- [Action item] Return all the lines below exactly as written. Drop every picture.

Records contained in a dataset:
+++

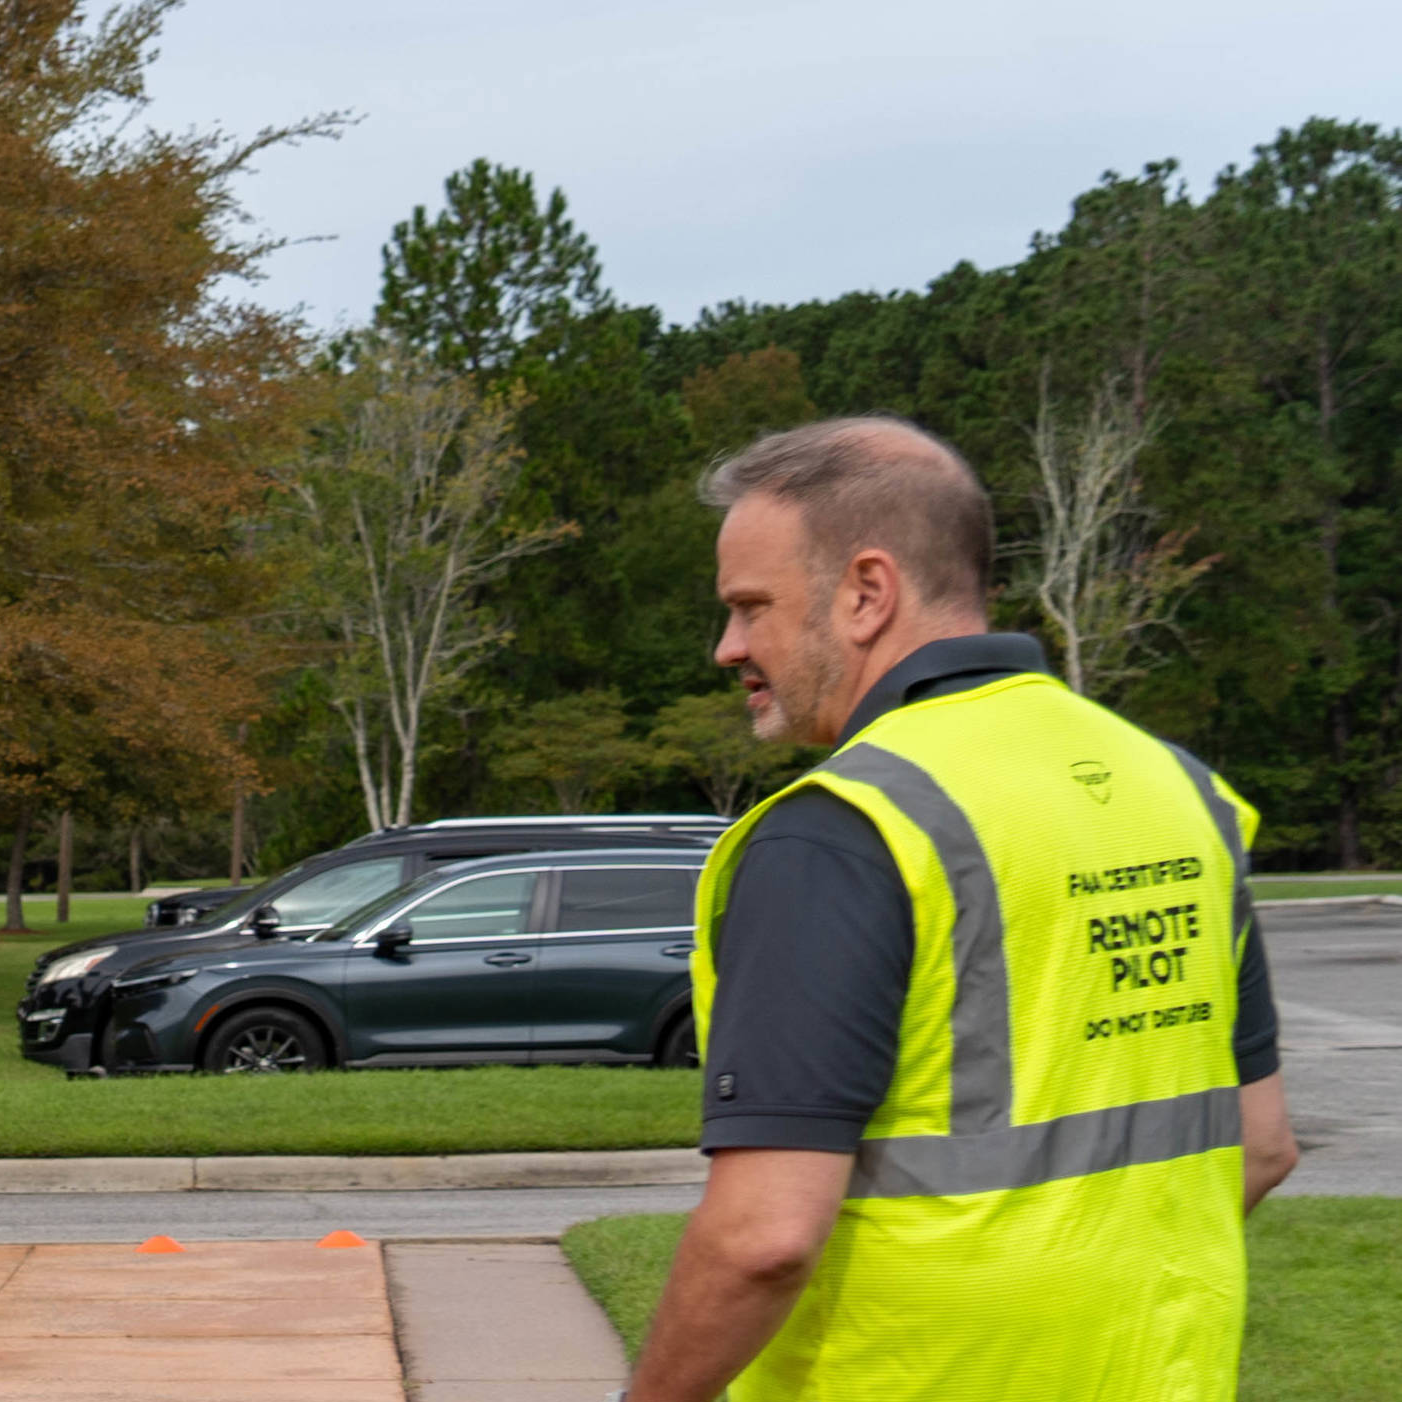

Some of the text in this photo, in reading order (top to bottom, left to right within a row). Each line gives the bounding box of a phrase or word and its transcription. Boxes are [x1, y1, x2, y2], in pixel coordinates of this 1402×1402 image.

[1068, 856, 1203, 898] FAA CERTIFIED
[1088, 902, 1199, 955] REMOTE
[1110, 947, 1188, 992] PILOT
[1085, 1018, 1111, 1041] DO
[1117, 1011, 1147, 1036] NOT
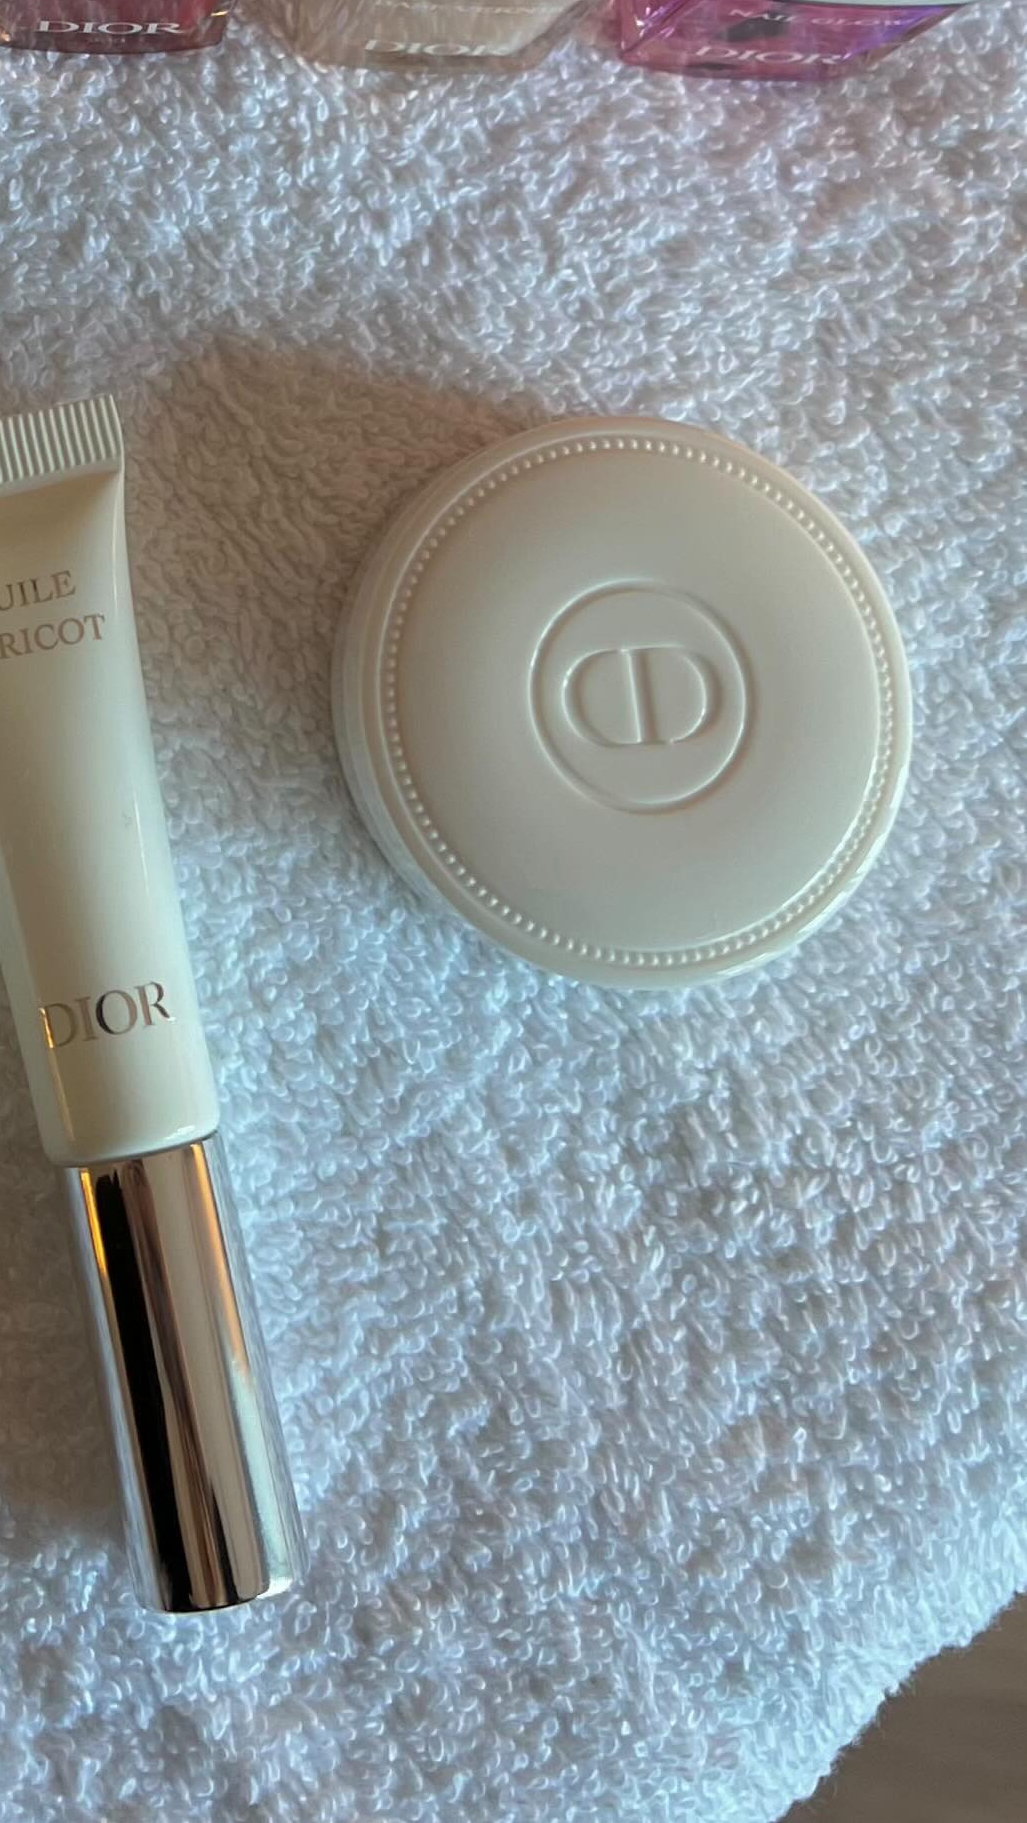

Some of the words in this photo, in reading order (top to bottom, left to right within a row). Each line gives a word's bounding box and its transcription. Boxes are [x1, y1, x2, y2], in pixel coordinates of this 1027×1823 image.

[36, 20, 191, 36] DIOR
[695, 45, 843, 66] DIOR
[38, 980, 177, 1049] DIOR
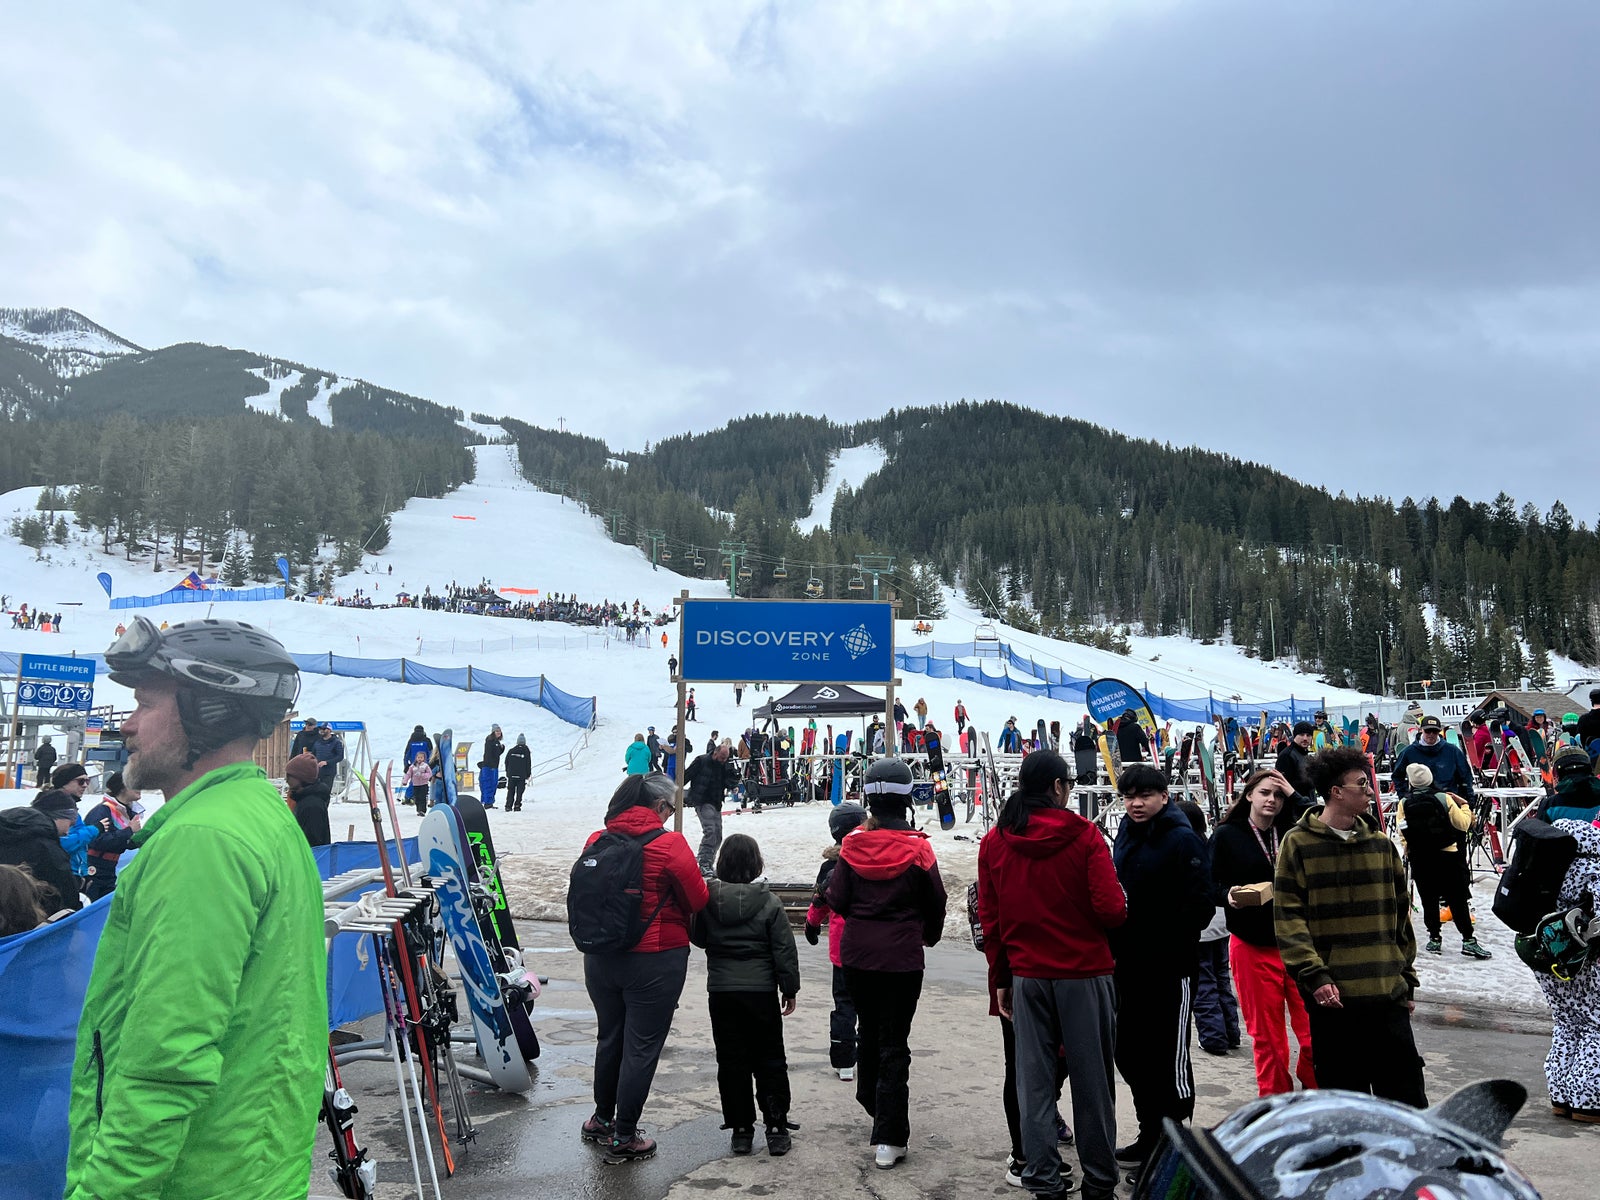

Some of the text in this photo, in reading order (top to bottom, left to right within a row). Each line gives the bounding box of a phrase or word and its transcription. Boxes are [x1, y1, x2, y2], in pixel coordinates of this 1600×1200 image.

[696, 630, 835, 647] DISCOVERY
[791, 652, 830, 661] ZONE
[29, 662, 89, 674] LITTLE RIPPER
[1091, 690, 1127, 707] MOUNTAIN
[1097, 698, 1126, 714] FRIENDS
[1442, 704, 1469, 716] MILE
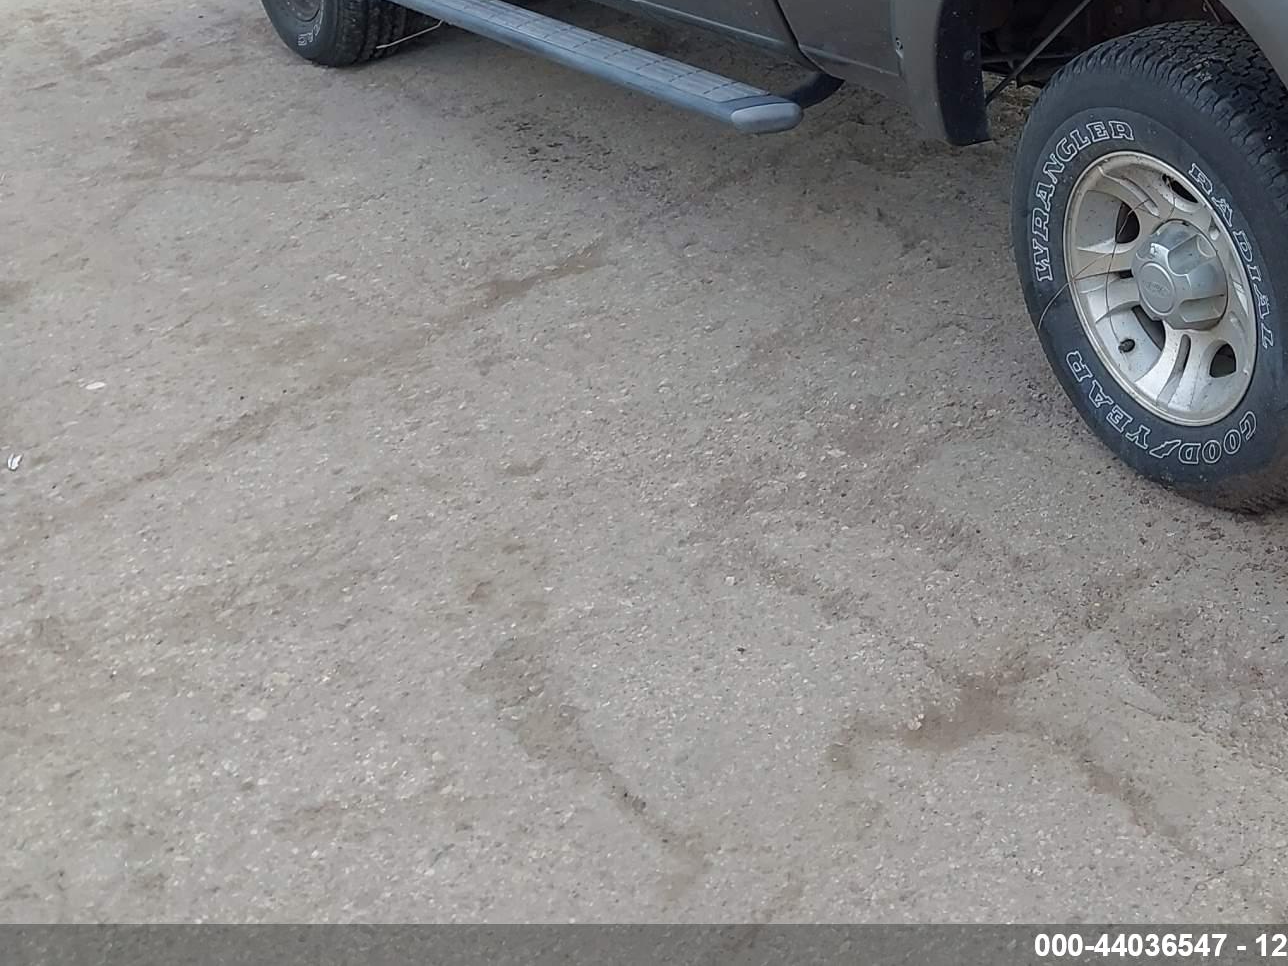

+++

- [Answer to the exercise]
Some of the text in this photo, in reading order (top to bottom, left to right within a row). Each line gives the bounding box of a phrase or word and its transcription. Boxes are [x1, y1, x2, y2], in pixel coordinates of this 1402×1402 image.

[1068, 856, 1203, 898] FAA CERTIFIED
[1088, 902, 1199, 955] REMOTE
[1110, 947, 1188, 992] PILOT
[1085, 1018, 1111, 1041] DO
[1117, 1011, 1147, 1036] NOT

Some of the words in this photo, in reading order (top to bottom, left to right within a row). Each line gives a word's bounding box and its transcription. Boxes are [x1, y1, x2, y2], in pixel coordinates of this 1027×1823 image.

[36, 20, 191, 36] DIOR
[695, 45, 843, 66] DIOR
[38, 980, 177, 1049] DIOR

Some of the text in this photo, in reading order (top to bottom, left to right within a row). Each line gives the bounding box of a phrase or word and its transcription. Boxes are [x1, y1, x2, y2], in pixel coordinates of this 1600×1200 image.

[696, 630, 835, 647] DISCOVERY
[791, 652, 830, 661] ZONE
[29, 662, 89, 674] LITTLE RIPPER
[1091, 690, 1127, 707] MOUNTAIN
[1097, 698, 1126, 714] FRIENDS
[1442, 704, 1469, 716] MILE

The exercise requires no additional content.